• _Directions for this task_
Data follows below. Repeat exactly the lines between the line holding "Some of the text" and the line holding "this 1536×1824 image.", inclusive, and nothing more; drop pictures.
[[ Source material open ]]
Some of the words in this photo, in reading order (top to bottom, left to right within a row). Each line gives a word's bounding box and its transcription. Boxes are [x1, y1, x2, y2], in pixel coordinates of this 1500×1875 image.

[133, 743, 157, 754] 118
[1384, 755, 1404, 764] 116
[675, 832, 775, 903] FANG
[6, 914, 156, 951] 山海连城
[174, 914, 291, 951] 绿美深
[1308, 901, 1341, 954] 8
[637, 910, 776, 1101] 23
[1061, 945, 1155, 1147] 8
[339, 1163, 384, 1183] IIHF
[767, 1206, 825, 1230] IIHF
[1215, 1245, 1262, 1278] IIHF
[[ Source material closed ]]
[[ Source material open ]]
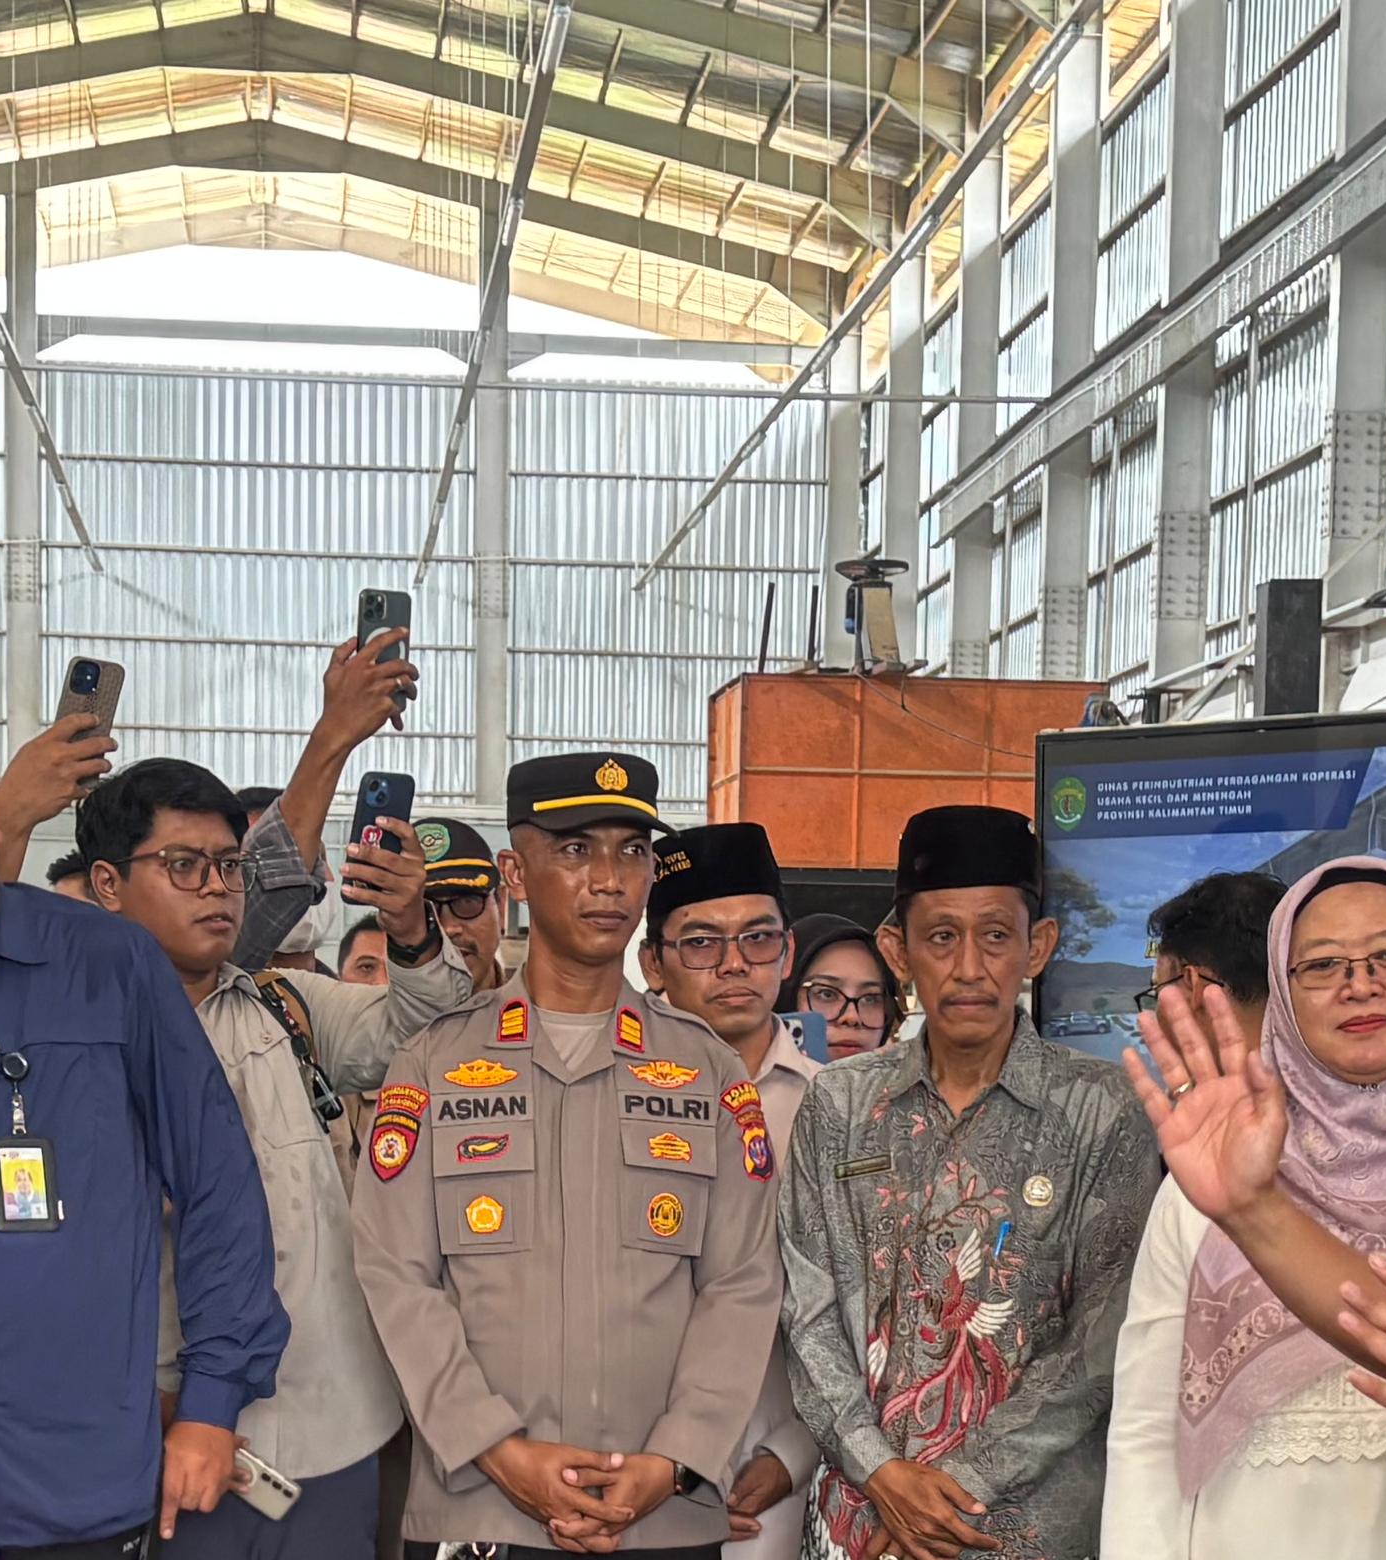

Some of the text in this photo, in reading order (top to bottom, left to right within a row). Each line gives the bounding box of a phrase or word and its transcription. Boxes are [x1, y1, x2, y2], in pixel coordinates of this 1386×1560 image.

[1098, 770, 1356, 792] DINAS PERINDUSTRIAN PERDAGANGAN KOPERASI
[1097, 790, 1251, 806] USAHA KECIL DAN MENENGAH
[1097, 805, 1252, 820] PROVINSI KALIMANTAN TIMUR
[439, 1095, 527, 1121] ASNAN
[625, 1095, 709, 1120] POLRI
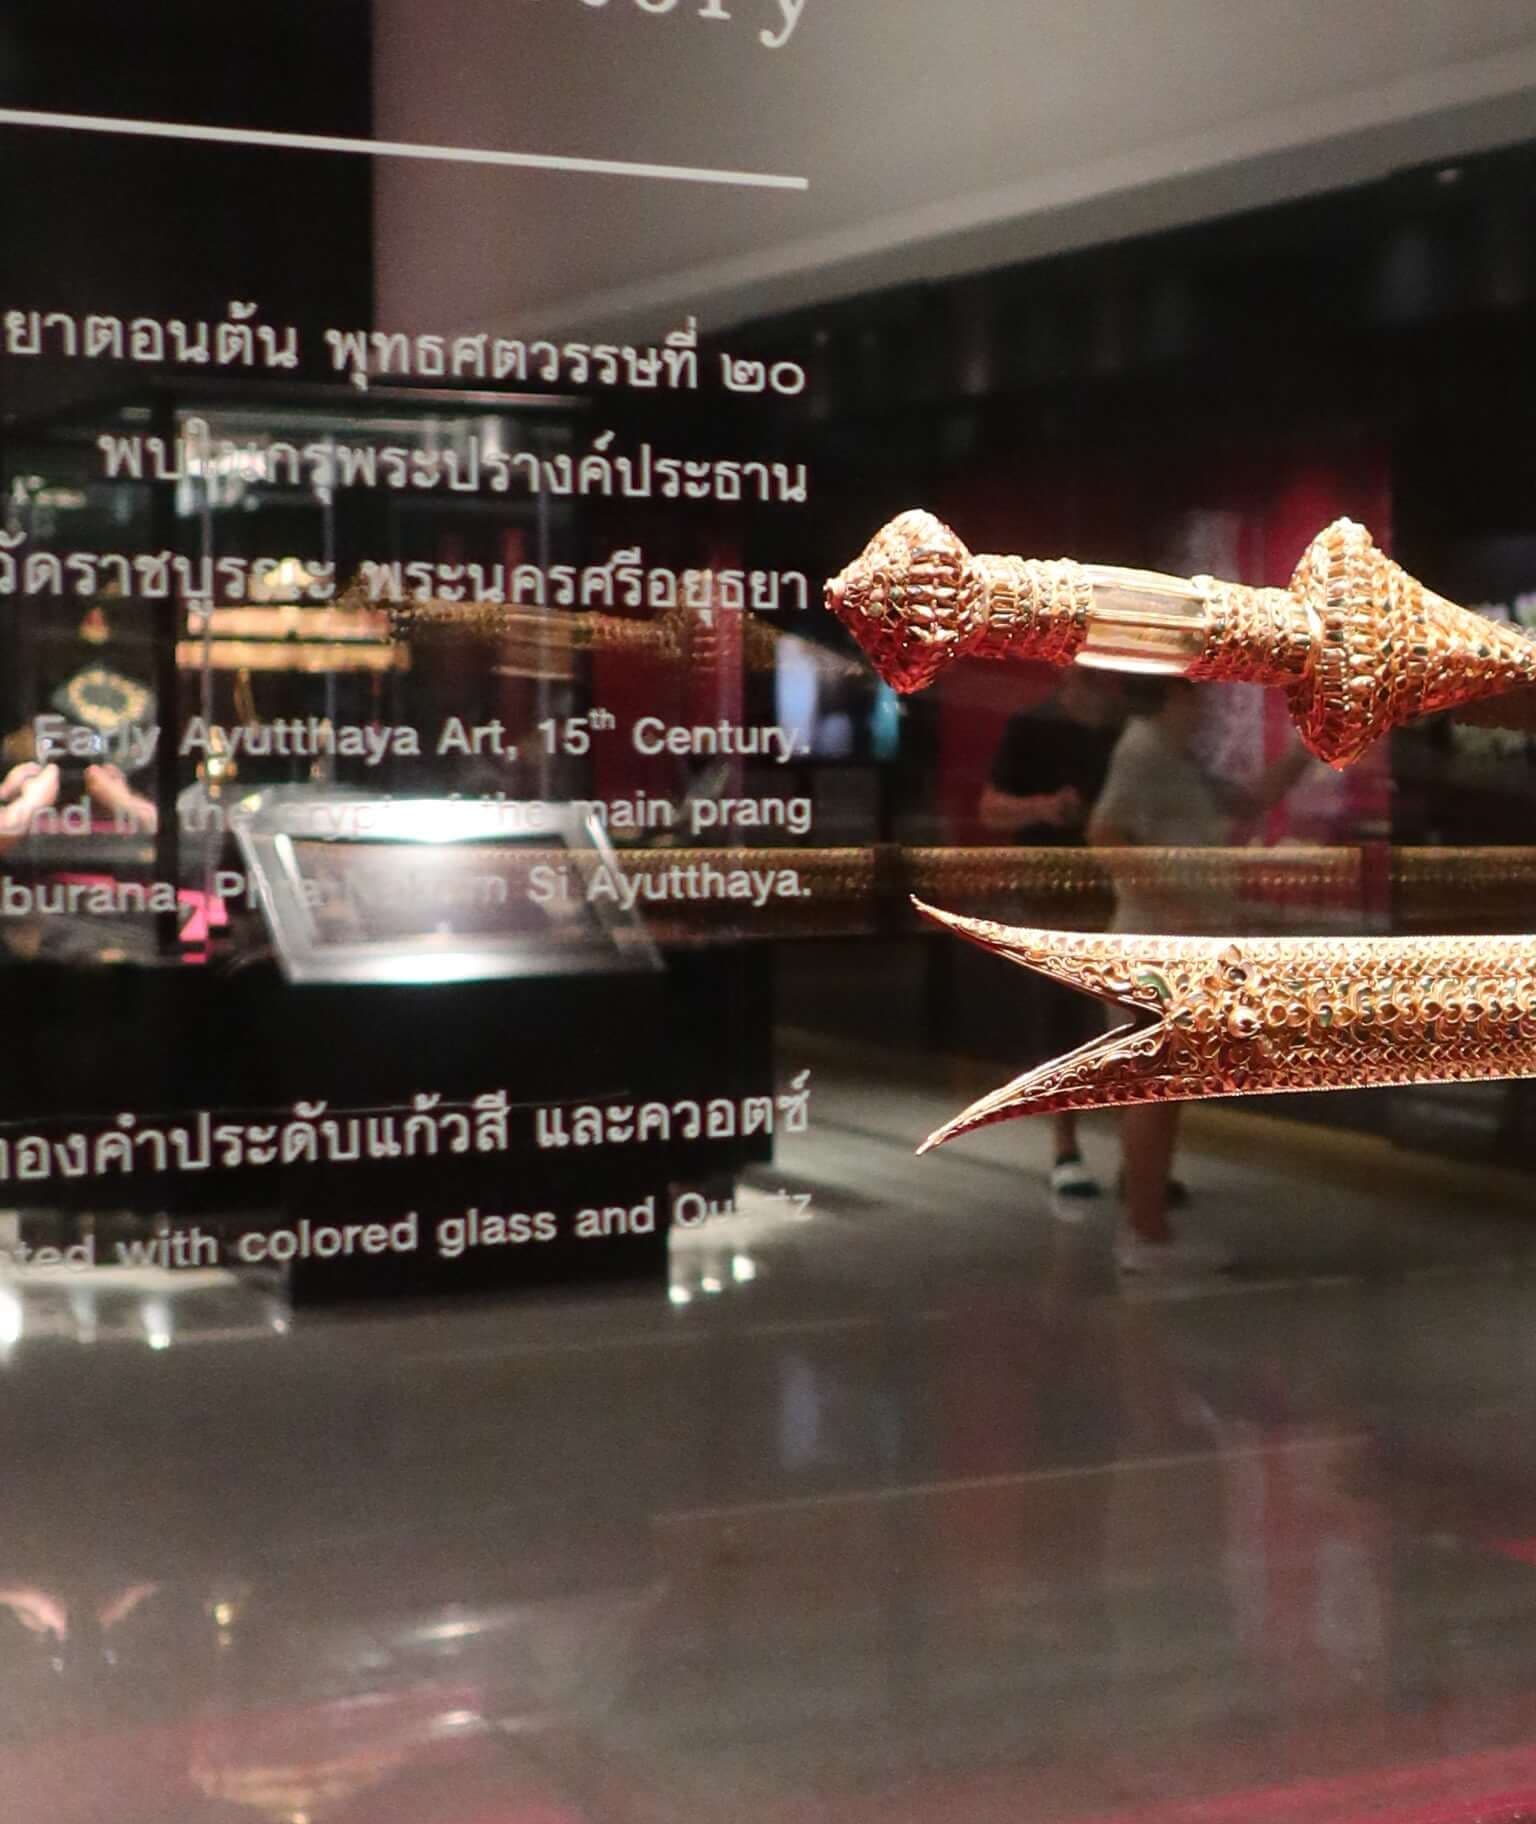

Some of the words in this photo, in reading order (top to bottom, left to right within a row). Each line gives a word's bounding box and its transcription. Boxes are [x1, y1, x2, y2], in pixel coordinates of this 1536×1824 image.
[[ Source material closed ]]
• _Result_
Some of the text in this photo, in reading order (top to bottom, left to right within a row). Each line gives the bounding box of a phrase or word and its transcription. Boxes are [x1, y1, x2, y2], in pixel coordinates of this 1386×1560 image.

[1098, 770, 1356, 792] DINAS PERINDUSTRIAN PERDAGANGAN KOPERASI
[1097, 790, 1251, 806] USAHA KECIL DAN MENENGAH
[1097, 805, 1252, 820] PROVINSI KALIMANTAN TIMUR
[439, 1095, 527, 1121] ASNAN
[625, 1095, 709, 1120] POLRI

Some of the words in this photo, in reading order (top to bottom, left to right within a row). Each line gives a word's bounding box and its transcription. Boxes are [x1, y1, x2, y2], in pixel coordinates of this 1536×1824 image.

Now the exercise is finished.